Non a tutti potrebbe suonare familiare il nome JIA Zhang-Ke, ma stiamo parlando di colui che ha diretto “A Touch of Sin” che proprio qui a Cannes ebbe fortuna nel 2013. L’autore ama attingere dalla realtà, usa dividere le proprie storie, si sente in dovere di mostrare la Cina per quello che è, con tutte le sue incongruenze e le intime sofferenze. A differenza dell’opera precedente, però, “Mountains may depart” (titolo che in originale corrisponde a un detto sull’amicizia,) è un film sofferente. Non nel senso che i fotogrammi trabocchino dramma strappalacrime, bensì a causa del ritmo che incespica, del registro che cambia, della narrazione che con lo scorrere dei minuti diviene bizzarra, da scelte che allontanano il film dalla nostra sensibilità.

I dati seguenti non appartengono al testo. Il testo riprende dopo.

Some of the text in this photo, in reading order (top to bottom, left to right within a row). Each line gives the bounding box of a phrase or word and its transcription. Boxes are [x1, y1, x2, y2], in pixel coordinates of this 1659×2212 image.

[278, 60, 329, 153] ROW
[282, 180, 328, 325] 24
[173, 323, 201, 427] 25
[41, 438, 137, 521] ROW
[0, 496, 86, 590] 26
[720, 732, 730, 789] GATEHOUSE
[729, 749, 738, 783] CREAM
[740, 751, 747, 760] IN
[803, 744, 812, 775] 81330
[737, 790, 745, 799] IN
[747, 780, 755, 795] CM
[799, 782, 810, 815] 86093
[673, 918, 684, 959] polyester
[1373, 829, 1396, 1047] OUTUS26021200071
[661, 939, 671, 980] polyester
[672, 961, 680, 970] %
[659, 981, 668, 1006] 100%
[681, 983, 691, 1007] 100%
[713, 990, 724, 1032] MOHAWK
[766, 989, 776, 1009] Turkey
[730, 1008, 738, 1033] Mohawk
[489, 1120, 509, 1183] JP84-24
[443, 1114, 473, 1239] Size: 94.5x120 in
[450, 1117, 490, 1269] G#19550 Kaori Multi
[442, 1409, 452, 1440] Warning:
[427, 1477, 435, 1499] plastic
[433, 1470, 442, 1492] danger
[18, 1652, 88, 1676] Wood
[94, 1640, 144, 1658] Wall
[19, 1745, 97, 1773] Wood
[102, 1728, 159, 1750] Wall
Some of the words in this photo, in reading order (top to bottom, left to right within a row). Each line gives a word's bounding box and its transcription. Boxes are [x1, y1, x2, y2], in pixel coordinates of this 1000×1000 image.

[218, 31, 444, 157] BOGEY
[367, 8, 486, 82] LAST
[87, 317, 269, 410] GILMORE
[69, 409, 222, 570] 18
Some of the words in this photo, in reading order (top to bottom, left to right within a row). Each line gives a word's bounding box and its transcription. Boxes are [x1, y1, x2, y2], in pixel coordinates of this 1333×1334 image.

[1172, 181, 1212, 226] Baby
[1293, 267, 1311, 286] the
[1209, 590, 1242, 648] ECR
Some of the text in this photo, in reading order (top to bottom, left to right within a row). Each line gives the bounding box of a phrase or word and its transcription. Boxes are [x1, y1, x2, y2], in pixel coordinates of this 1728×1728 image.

Cosa vedrete? Una donna divisa tra due uomini, il fato avverso e una serie interminabile di errori, il tutto con dialoghi essenziali e attori che reagiscono al rallentatore, trasformandosi inevitabilmente nella parodia di sé stessi. La mia pazienza è stata quindi messa alla prova da questo stile distante anni luce da ciò che mi diverte, mi fa riflettere o, perché no, arrabbiare. Qui, mi sono ritrovata inizialmente ad attendere fiduciosa che la pellicola decollasse, poi a stringere i denti, aggrappandomi all’ultima flebile speranza, e solo alla fine a gettare la spugna arrendendomi all’evidenza: il film che avrebbe dovuto dimostrare la maturità del regista è disomogeneo e a tratti noioso, troppo debole per ottenere la Palmarès.

Ancora una volta, non bastano le migliori intenzioni e una buona idea per battere la concorrenza.